Closed Bug 1234862 Opened 8 years ago Closed 8 years ago

Attempt to unify the GC's various policy mechanisms

Categories

(Core :: JavaScript: GC, defect)

defect
Not set
normal

Tracking

()

RESOLVED FIXED
mozilla47
Tracking Status
firefox46 --- affected
firefox47 --- fixed

People

(Reporter: terrence, Assigned: terrence)

References

(Blocks 1 open bug)

Details

Attachments

(5 files, 1 obsolete file)

In various places we use GCMethods, InternalGCMethods, and GCPolicy to determine what actions to take on a GC reference. It would be nice to have a single way of doing things that we used everywhere. There are a few cases to consider.

Regarding GC Pointers (e.g. JSObject*)
----
Whether stored in C++ stack or heap memory or in the GC heap directly, when stored in Rooted or Heap we need a GCMethods definition; When stored in HeapPtr (et.al.), we need an InternalGCMethods definition; When stored in a GCHashTable or TraceableVector, we need a GCPolicy.

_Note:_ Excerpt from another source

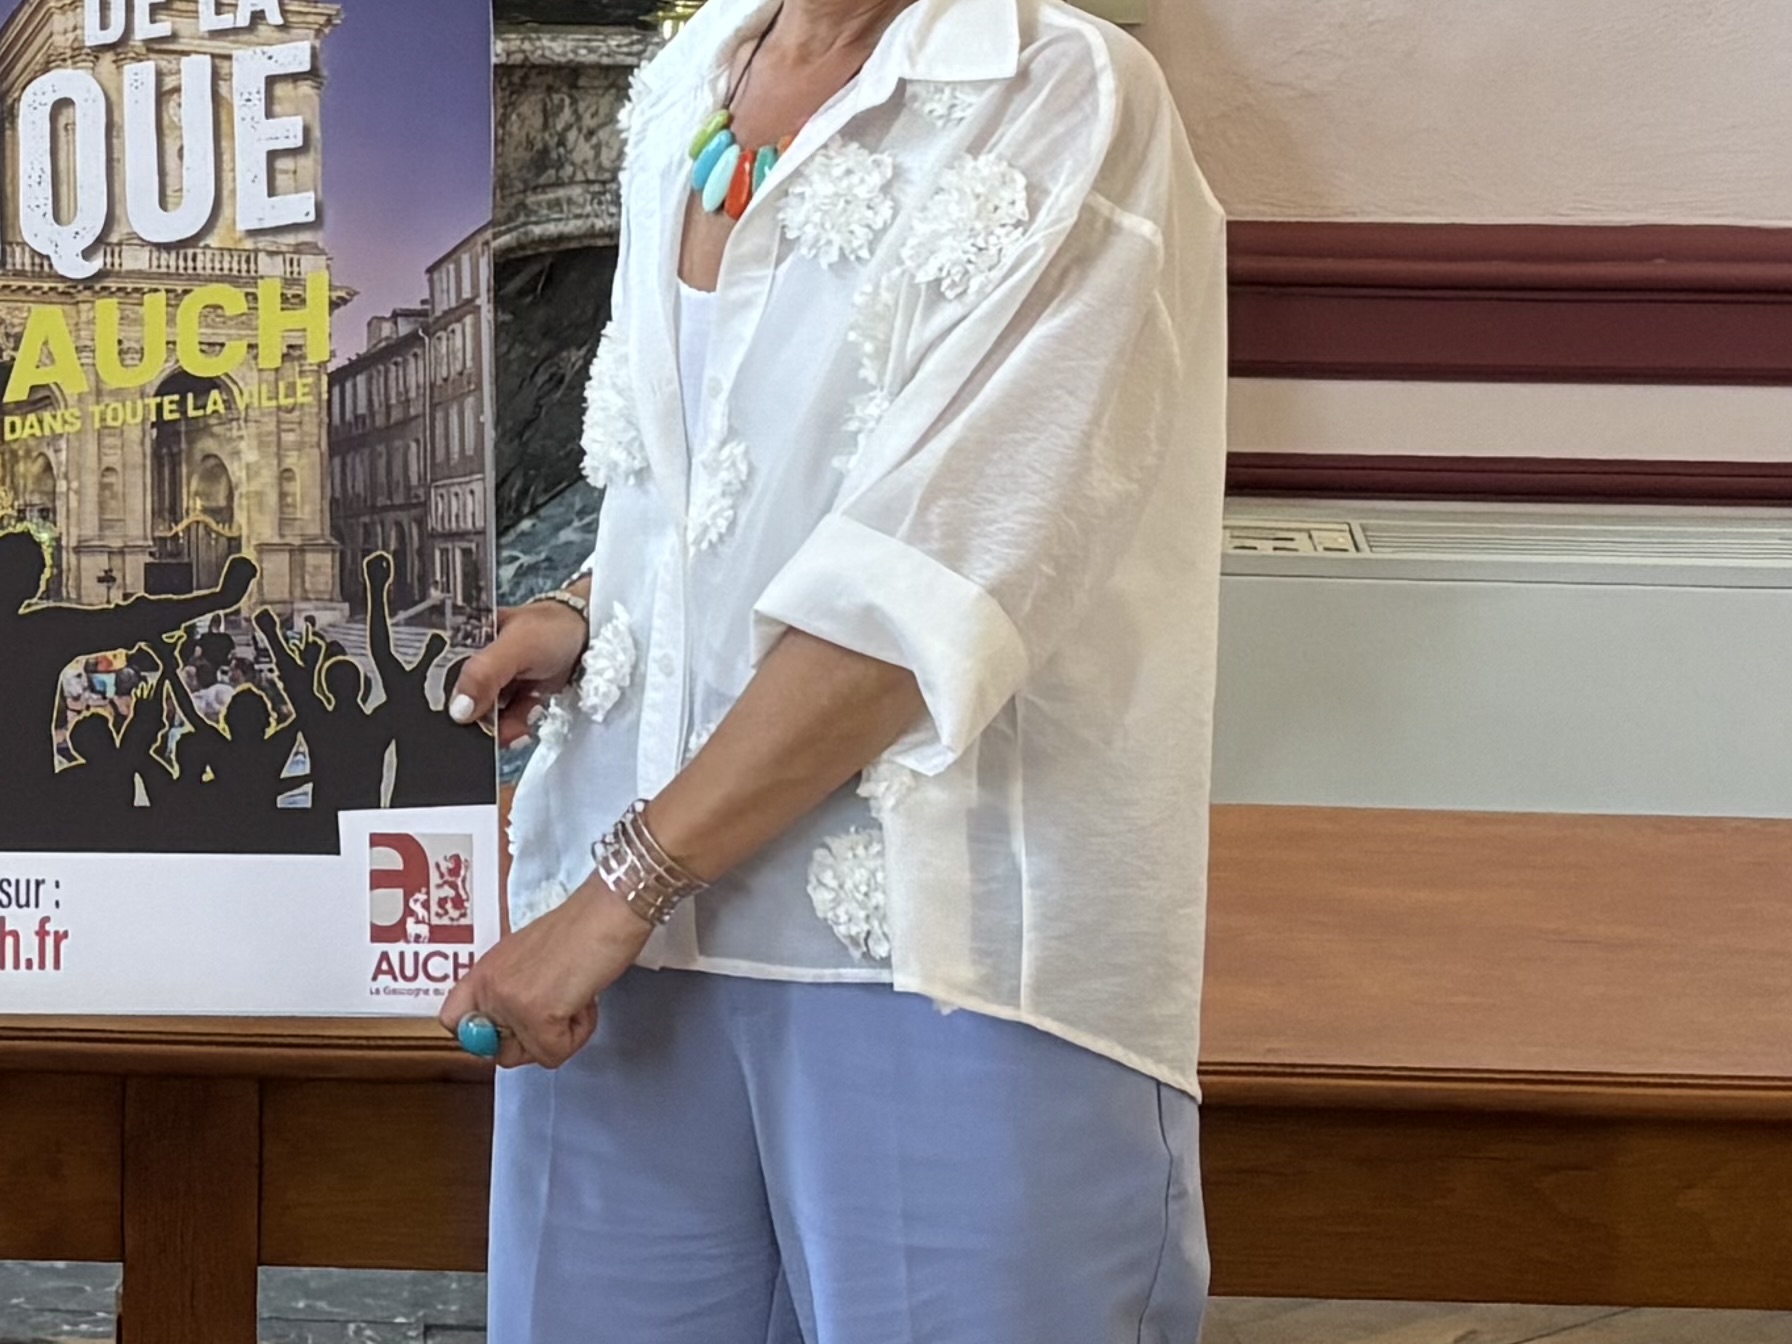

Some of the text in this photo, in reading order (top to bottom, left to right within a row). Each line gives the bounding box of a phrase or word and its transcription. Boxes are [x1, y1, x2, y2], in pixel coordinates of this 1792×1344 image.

The difference between InternalGCMethods and GCMethods is inlining. GCMethods for all pointers that are /not/ JSObject or JSFunction only define a non-empty body for |initial|, so are trivial. If we want to merge with InternalGCMethods, I believe that post barriers already need to make a call, so I think moving the existing JSObject/JSFunction code out of line will not hurt much, if at all. Also, unexposed classes will keep the existing post method, so the ool aspect is probably not a problem.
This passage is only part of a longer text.